The practical steps are concrete. Delay device access as long as possible—specialists recommend age fourteen at the earliest, with social media withheld until sixteen. In Argentina, the average age of first smartphone is 9.6 years. Establish family agreements about when and where devices are used: never in bedrooms, never at meals, never in bathrooms. Adults must model restraint. The conversations must happen early and often, before pornography teaches sexuality, before gambling platforms teach risk, before social comparison teaches shame. These conversations require empathy, not judgment. They require presence. And they require remembering, always, that none of this is the child's fault.
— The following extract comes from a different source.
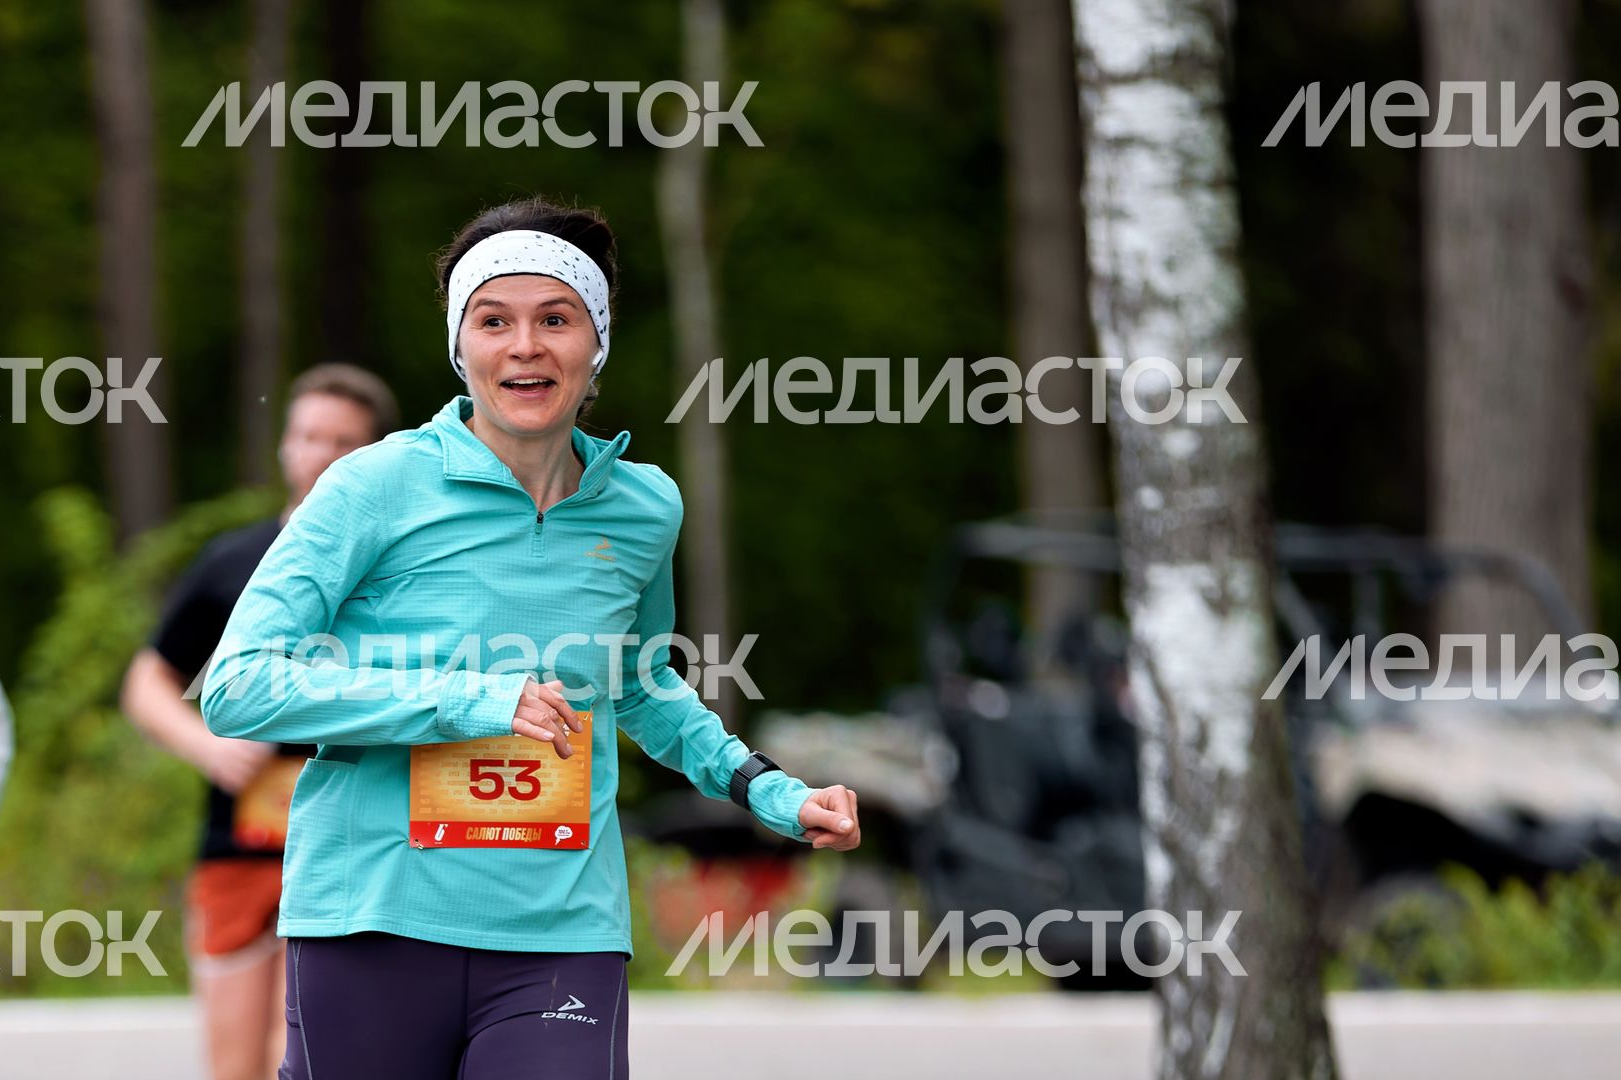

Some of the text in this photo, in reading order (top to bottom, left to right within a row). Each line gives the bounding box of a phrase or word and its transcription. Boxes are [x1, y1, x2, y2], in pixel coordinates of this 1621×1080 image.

[469, 759, 541, 801] 53
[466, 827, 501, 840] САЛЮТ
[502, 827, 542, 842] ПОБЕДЫ
[541, 1012, 599, 1025] DEMIX
The author is not trying to frighten anyone into paralysis. She is trying to mobilize adults toward a different posture—one of informed engagement rather than reactive panic. She believes that working together, with clear eyes and sustained attention, we can change the trajectory. The alternative is to continue as we have been: waiting for the next crisis, responding when it arrives, and calling that protection.
Notable Quotes
Excessive screen exposure rewires the developing brain in ways that persist long after the device is set down, making the real world intolerable over time.— The author's synthesis of research findings
Adolescents who know about screen dangers and discuss them with their parents regulate their own behavior far better than those who do not.— UNICEF research cited in the piece
The Hearth Conversation Another angle on the story
You apologize to teenagers on behalf of all adults. That's a striking opening. Do you really think we need to apologize, or is that rhetorical?
It's not rhetorical. We gave them tools we didn't understand, without safeguards, without conversation. We did that. Now we know better. An apology is the honest place to start.
But couldn't you argue that parents are doing their best with imperfect information, that technology moves faster than our ability to understand it?
Of course. And I say that in the piece—we didn't know. But now we do know. The research exists. The data exists. Continuing as if we don't is a choice, not an accident.
You mention that 97% of teenagers found your book helpful, but only 57% actually changed their behavior. That's a gap. What does that tell you?
It tells me that awareness without support doesn't stick. Kids need adults nearby, setting boundaries with them, not just lecturing them. They need to know someone cares enough to stay involved, even when they push back.
You write about dopamine and brain structure like it's settled science. How confident are you in that framing?
The research on neuroplasticity and addiction pathways is solid. I'm not inventing this. But you're right to press—the specifics are still being understood. What's clear is that excessive stimulation changes how the brain functions. The details matter less than the fact that it's real.
What would you say to a parent who feels like they've already lost the battle—whose teenager is already deep in it?
That it's not too late. Even kids who've been exposed can learn to self-regulate if they understand why it matters and if an adult is there to help them do it. The brain is plastic. Change is possible.